Ex-wife pressed on dark side of dad in son’s hot car death

Leanna Taylor is shown photos of her son Cooper by defense attorny Maddox Kilgore during a murder trial for her ex-husband Justin Ross Harris who is accused of intentionally killing Cooper in June 2014 by leaving him in the car in suburban Atlanta, Monday, Oct. 31, 2016, in Brunswick, Ga. (AP Photo/John Bazemore, Pool)
Leanna Taylor is shown photos of her son Cooper by defense attorny Maddox Kilgore during a murder trial for her ex-husband Justin Ross Harris who is accused of intentionally killing Cooper in June 2014 by leaving him in the car in suburban Atlanta, Monday, Oct. 31, 2016, in Brunswick, Ga. (AP Photo/John Bazemore, Pool)

BRUNSWICK, Ga. (AP) — The video clips were cute enough to make jurors laugh as they watched Justin Ross Harris try to teach his son to say “banana” and let the toddler strum on his guitar. They were joyful moments captured in the months before the child died after being left in a hot car by his father.

The videos capped several hours of testimony Monday by Harris’ ex-wife, who is a defense witness at Harris’ murder trial. Prosecutors wasted little time on cross-examination reminding Leanna Taylor, who divorced Harris earlier this year, and the jury that the former husband she described as a loving dad had a much darker side.

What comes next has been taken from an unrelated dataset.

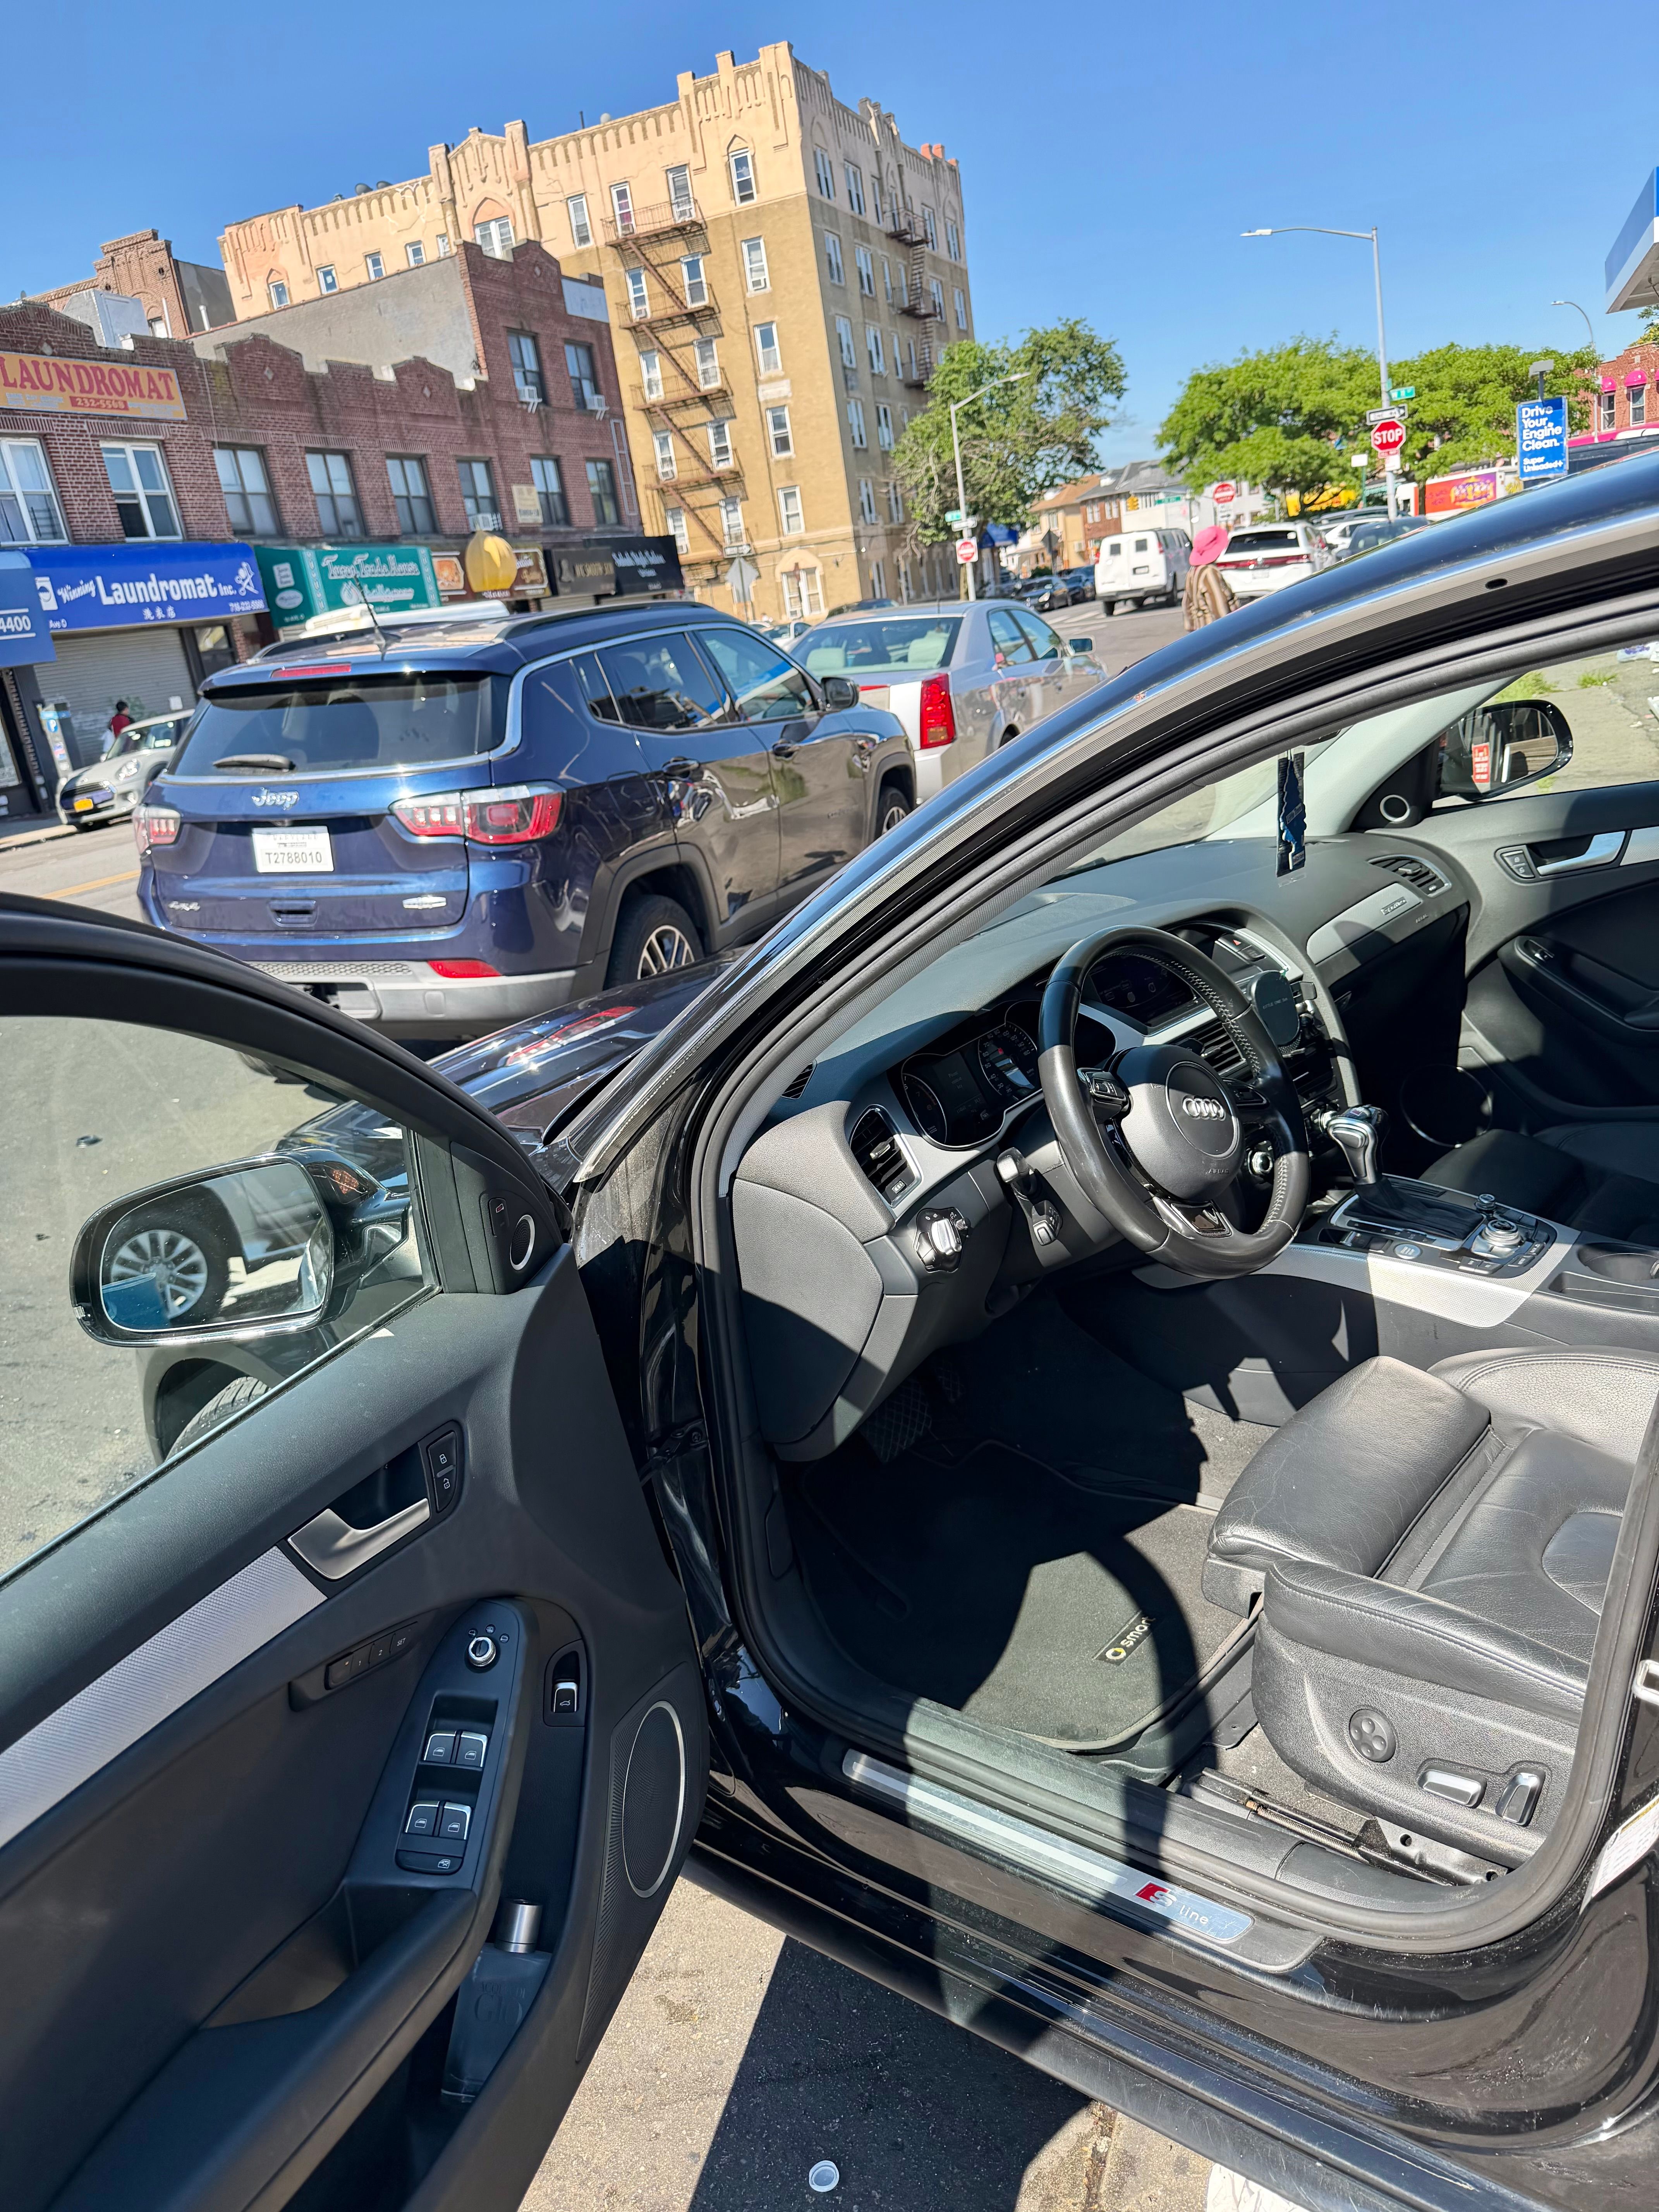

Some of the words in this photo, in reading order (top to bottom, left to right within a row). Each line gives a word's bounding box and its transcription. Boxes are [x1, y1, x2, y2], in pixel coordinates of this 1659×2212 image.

Harris is charged with murder in the June 2014 death of his 22-month-old son, Cooper. Taylor testified Monday that Harris never would have left the child to die on purpose — which prosecutors say is exactly what he did.

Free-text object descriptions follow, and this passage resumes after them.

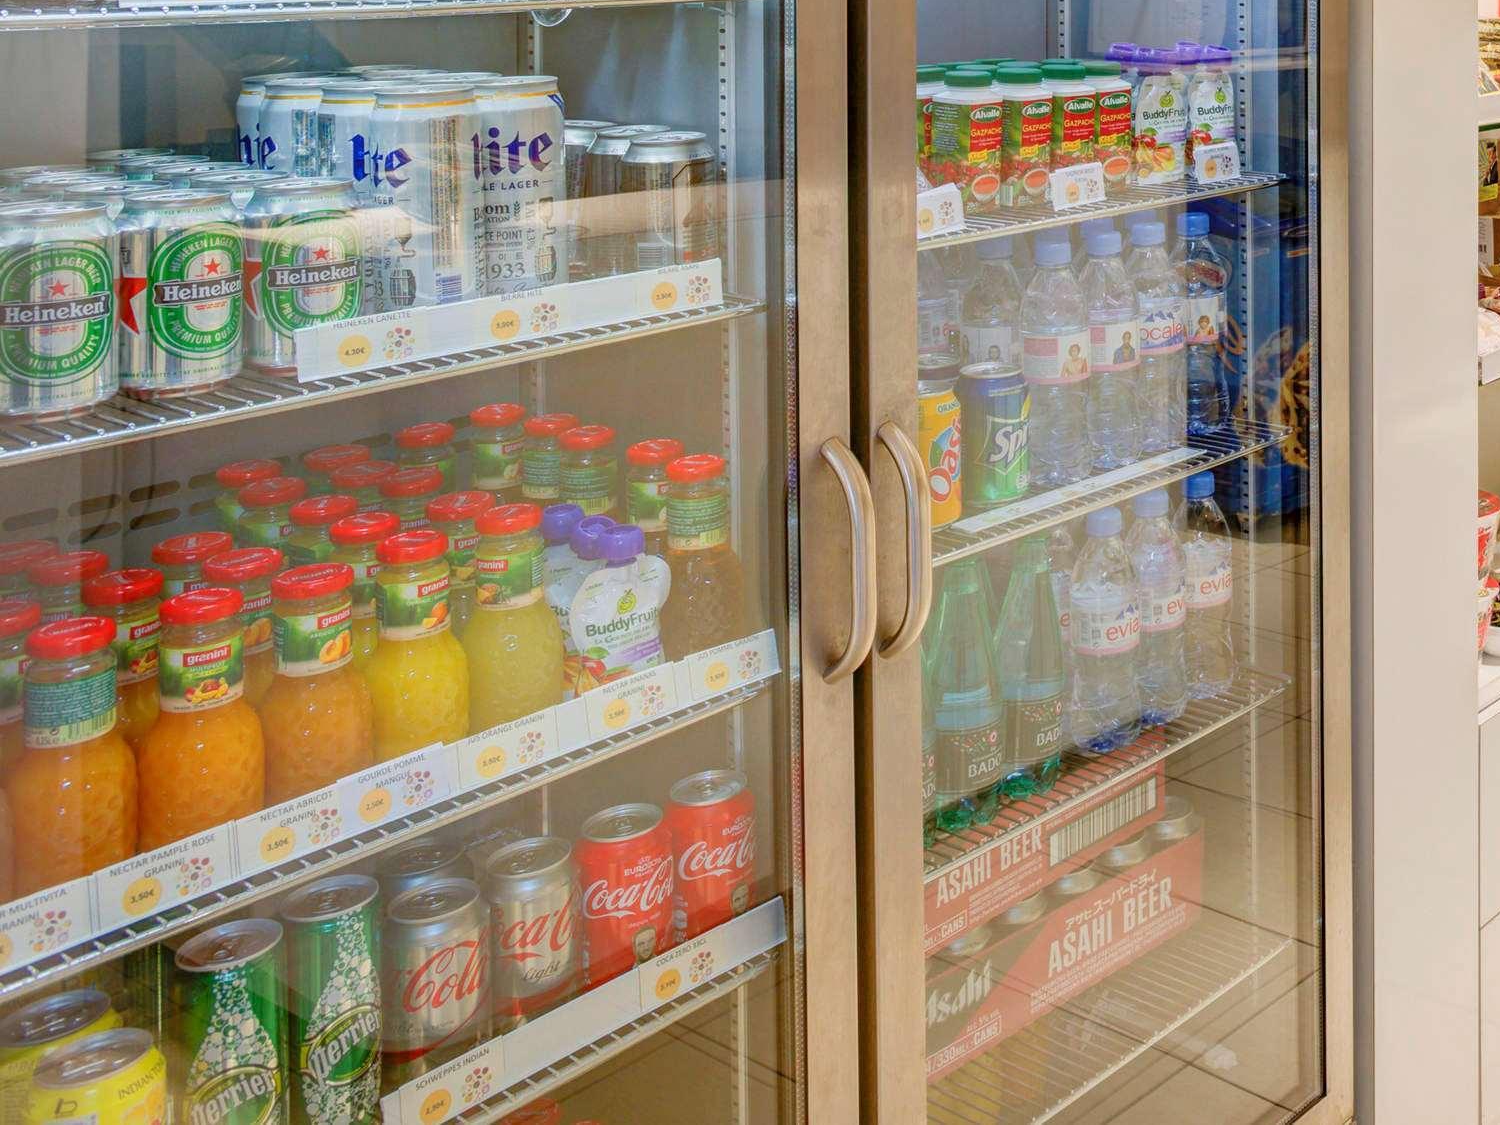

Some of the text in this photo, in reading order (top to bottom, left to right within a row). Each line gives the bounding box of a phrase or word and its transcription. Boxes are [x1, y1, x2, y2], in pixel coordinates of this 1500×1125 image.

[1025, 104, 1051, 116] Alvalle
[1068, 99, 1095, 111] Alvalle
[1103, 94, 1130, 107] Alvalle
[974, 108, 1001, 120] Alvalle
[501, 179, 541, 191] LAGER
[54, 257, 88, 269] LAGER
[275, 262, 359, 287] Heineken
[162, 277, 242, 303] Heineken
[3, 297, 106, 324] Heineken
[60, 333, 98, 370] QUALITY
[187, 647, 228, 665] granini
[481, 724, 514, 741] ORANGE
[357, 752, 427, 785] GOURDE POMME
[259, 789, 334, 824] NECTAR ABRICOT
[279, 808, 317, 829] GRANINI
[109, 831, 217, 879] NECTAR PAMPLE ROSE
[143, 856, 186, 879] GRANINI
[935, 851, 992, 909] ASAHI
[999, 827, 1043, 872] BEER
[8, 887, 68, 916] MULTIVITA
[1065, 870, 1157, 930] アサヒスーパードライ
[940, 913, 967, 936] CANS
[1048, 914, 1113, 978] ASAHI
[1122, 876, 1174, 934] BEER
[974, 1023, 1000, 1046] CANS
[415, 1047, 491, 1093] SCHWEPPES INDIAN

Evidence in the trial, now in its fifth week, has shown Harris was sending sexual text messages to a teenage girl from his workplace while his son was dying outside in a parking lot. Prosecutor Chuck Boring reminded Taylor that less than three weeks earlier, when Harris told her he was helping a friend move, he had met with a prostitute for sex.

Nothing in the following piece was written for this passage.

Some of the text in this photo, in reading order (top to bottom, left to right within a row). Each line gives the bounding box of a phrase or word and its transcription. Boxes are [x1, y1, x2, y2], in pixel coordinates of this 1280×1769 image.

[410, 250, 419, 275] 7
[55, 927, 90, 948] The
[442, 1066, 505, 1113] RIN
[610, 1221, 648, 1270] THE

“He was caught up in a double life up until and on the day of Cooper’s death and you didn’t know,” Boring said.

“I would agree that I did not know the depth,” Taylor replied.

“And the depth was a lot darker than anything you could have imagined, wasn’t it?” Boring said.

Cross-examination of Taylor was to resume Tuesday. She earlier told jurors that she and Harris had problems with their sex life, but he was an equal and enthusiastic partner when it came to parenthood.

“He wanted to be the one to push him on a swing. He wanted to be the one to slide down the slide with him,” Taylor said of her ex-husband. “He wanted to enjoy every second he could with him.”

Jurors got a look at Harris’ family life when defense attorney Maddox Kilgore had Taylor walk them through a series of photos and video clips from Cooper’s birth to a family trip shortly before his death.

Harris, who rarely looked at his former wife from his seat at the defense table, at times cried during her testimony. But he smiled brightly watching the videos of their son. Some jurors laughed at the clips.

“Did Ross love his little boy?” Kilgore asked Taylor.

“Yes, he did,” she answered. “Very much.”

Prosecutors say Harris wanted to escape the responsibilities of family life and spent his time seeking sexual relationships both online and in person with women outside his marriage.

Taylor said he told her years earlier he watched pornography and they sought counseling. She also had caught him sending text messages to other women, but testified she did not know he was meeting some of them for sex.

“If I had, I would have divorced him then,” she said.

By the summer of 2014, Harris was trying to plan for the three of them to take a family cruise, Taylor said. They also had begun talking with a real estate agent about buying a home in metro Atlanta, where Harris worked as a web developer for Home Depot after they moved from Tuscaloosa, Alabama, in 2012. Taylor said her husband wanted to make sure they lived in a good school district.

That all came to halt the day Taylor showed up to pick Cooper up from daycare and learned he was never dropped off that day. Earlier that day, Harris sent her a text message asking: “When you getting my buddy?”

She said she rushed to her husband’s nearby office.

“The only thing that made sense to me, based on what I knew that day, was Ross must have left him in the car,” Taylor said.

Cobb County police detectives soon arrived and confirmed her fears.